RHODE ISLAND. Col. Stat. 1734, Laws 1744, p. 180; Public Laws 1798, p. 504; Rev. Stat. 1857, ch. 88; Pub. Stat. 1882, ch. 104.
TENNESSEE. Rev. Laws 1809, ch. 23; Compilation 1836, p. 486; Code 1858, §§ 1908-1915; Code 1884, §§ 2651-2661.
VERMONT. Stats. 1866, ch. 12; 1867, ch. 27; 1869, ch. 27; Gen. Stat. 1870, appx. pp. 906, 953, 1025; Rev. Laws 1880, ch. 148, §§ 3215-3224.
VIRGINIA Col. Stat. 1667, ch. 4, 2 Henning's Stat. 260; Col. Stat. 1705, ch. 41, 3 Henning, 401; Col. Stat. 1745, ch. 11, 5 Henning, 359; Stat. 1785, ch. 82, 12 Henning, 187; Rev. Code, 1814, ch. 105; Rev. Code 1819, ch. 235; Code 1849, ch. 63; Code 1872, ch. 63.
WEST VIRGINIA. Code 1870, ch. 44, §§ 29-36.
WISCONSIN. Terr. Stat. 1840, ch. 48; Rev. Stat. 1858, ch. 56; Rev. Stat. 1878, ch. 146.

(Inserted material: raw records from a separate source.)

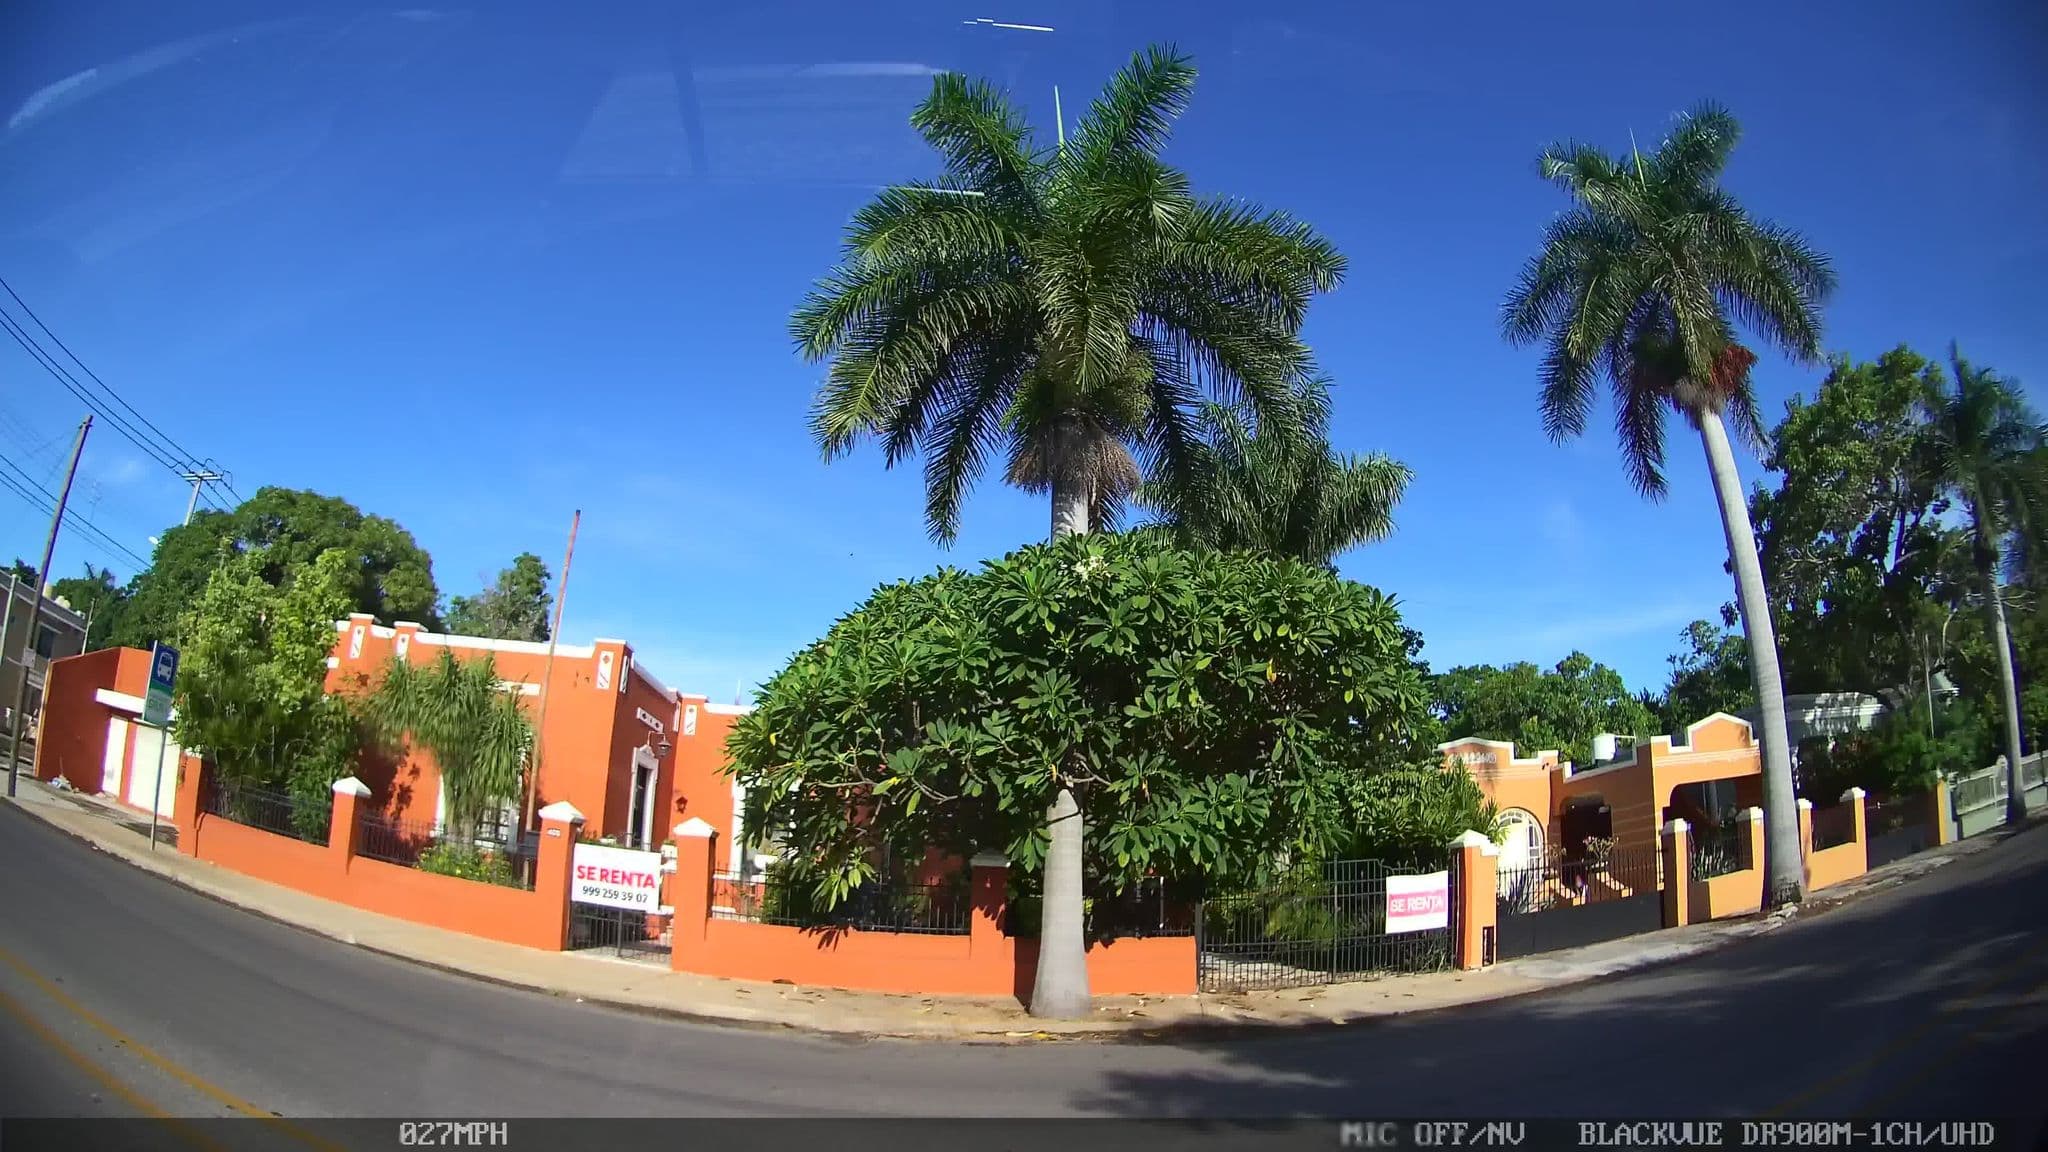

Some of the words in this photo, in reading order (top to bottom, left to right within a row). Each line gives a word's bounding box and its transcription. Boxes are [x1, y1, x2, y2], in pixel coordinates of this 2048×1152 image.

[577, 865, 596, 880] SE
[600, 868, 655, 888] RENTA
[582, 885, 600, 896] 999
[1391, 899, 1406, 912] SE
[1407, 896, 1444, 911] RENTA

In most of those States, their validity has been assumed, without dispute; and they were never adjudged to be invalid anywhere until since 1870, and then in three States only, and for incompatibility with their respective Constitutions. Loughbridge v. Harris (1871), 42 Ga. 500; Tyler v. Beacher (1871), 44 Vt. 648; Ryerson v. Brown (1877), 35 Mich. 333. The earlier cases in Tennessee, Alabama and New York, containing dicta to the same effect, were decided upon other grounds. Harding v. Goodlett, 3 Yerger, 40; Memphis Railroad v. Memphis, 4 Coldwell, 406; Moore v. Wright, 34 Ala. 311, 333; Bottoms v. Brewer, 54 Ala. 288; Hay v. Cohoes Co., 3 Barb. 42, 47, and 2 N.Y. 159.

The principal objects, no doubt, of the earlier acts were grist mills; and it has been generally admitted, even by those courts which have entertained the most restricted view of the legislative power, that a grist mill which grinds for all comers, at tolls fixed by law, is for a public use. See also Blair v. Cuming County, 111 U.S. 363.

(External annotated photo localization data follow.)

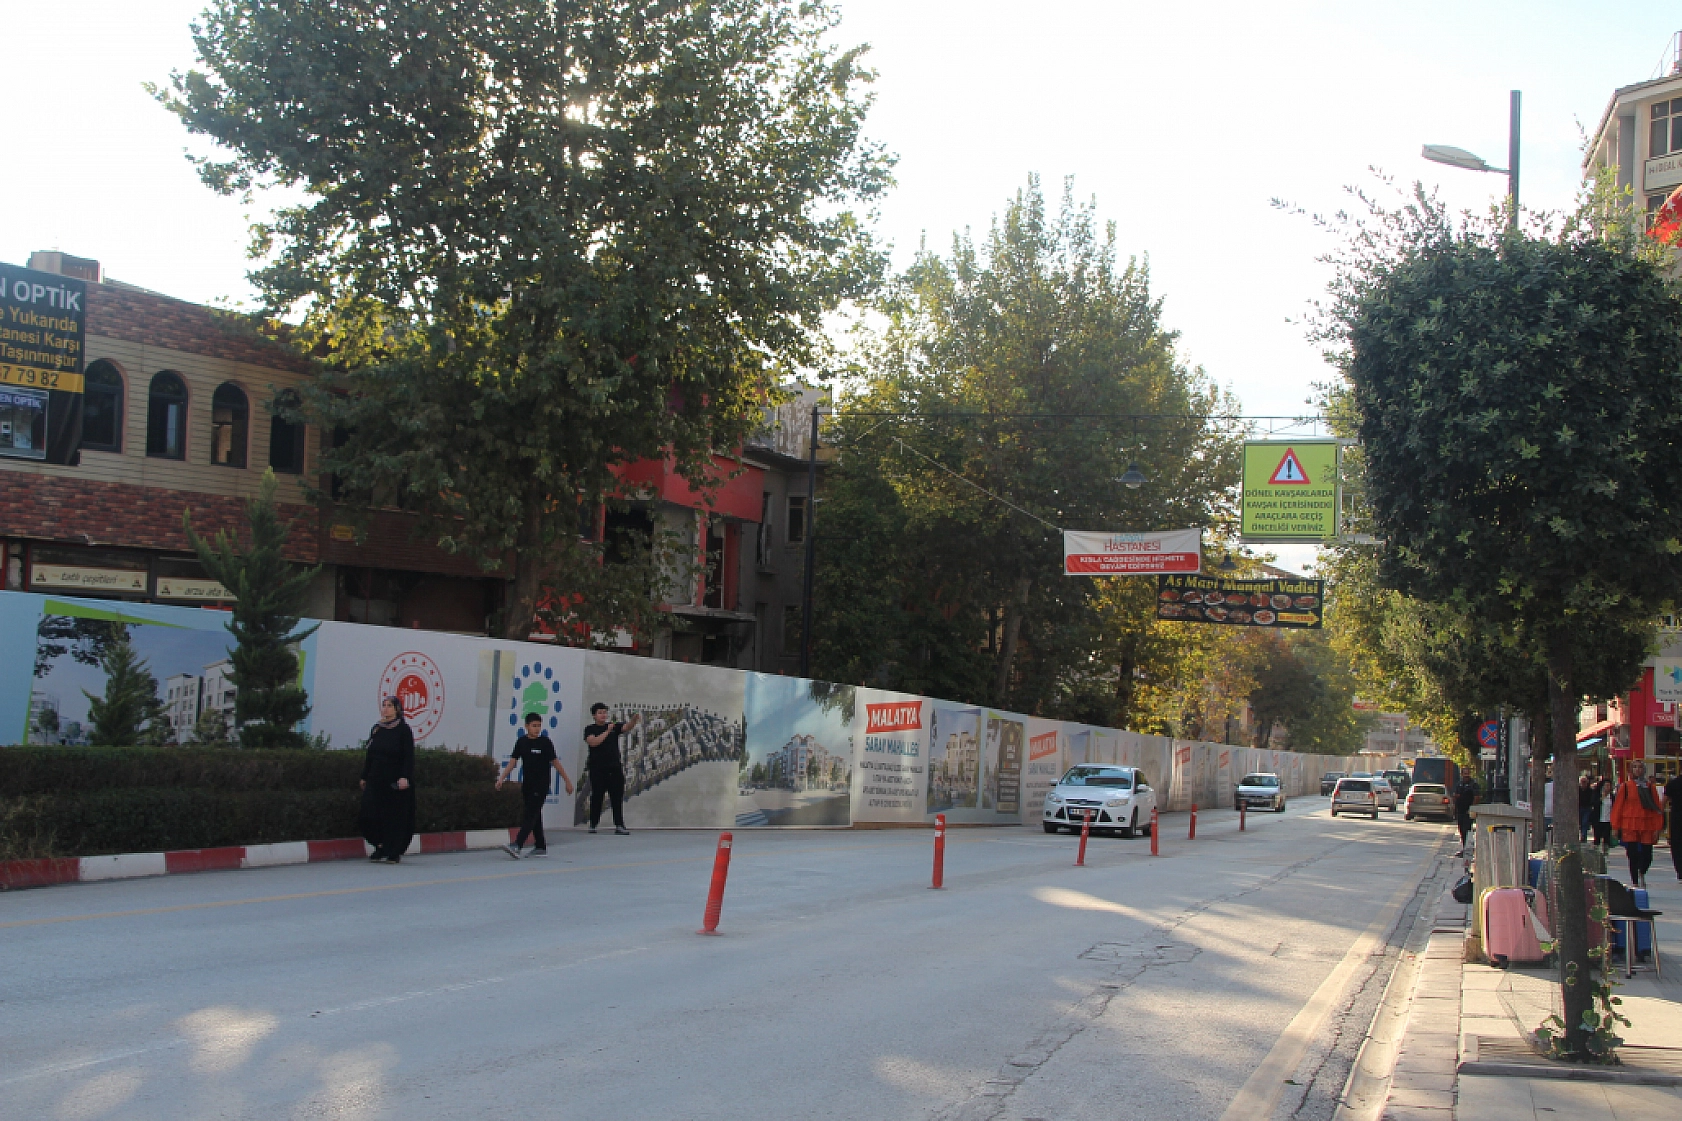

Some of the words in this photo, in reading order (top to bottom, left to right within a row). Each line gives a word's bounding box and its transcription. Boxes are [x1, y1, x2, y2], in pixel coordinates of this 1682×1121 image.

[13, 280, 82, 312] OPTİK
[8, 305, 78, 333] Yukarıda
[44, 331, 80, 354] Karşı
[16, 367, 36, 383] 79
[40, 371, 59, 387] 82
[1245, 488, 1273, 498] DÖNEL
[1274, 489, 1333, 499] KAVŞAKLARDA
[1246, 500, 1278, 510] KAVŞAK
[1255, 512, 1297, 521] ARAÇLARA
[1299, 511, 1324, 521] GEÇİŞ
[1251, 522, 1289, 532] ÖNCELİĞİ
[1278, 581, 1319, 594] Vadisi
[870, 707, 918, 728] MALATYA

But the statutes of many States are not so limited, either in terms, or in the usage under them. In Massachusetts, for more than half a century, the mill acts have been extended to mills for any manufacturing purpose. Mass. Stat. 1824, ch. 153; Wolcott Woollen Manufacturing Co. v. Upham, 5 Pick. 292; Palmer Co. v. Ferrill, 17 Pick. 58, 65. And throughout New England, as well as in Pennsylvania, Virginia, North Carolina, Kentucky, and many of the Western States, the statutes are equally comprehensive.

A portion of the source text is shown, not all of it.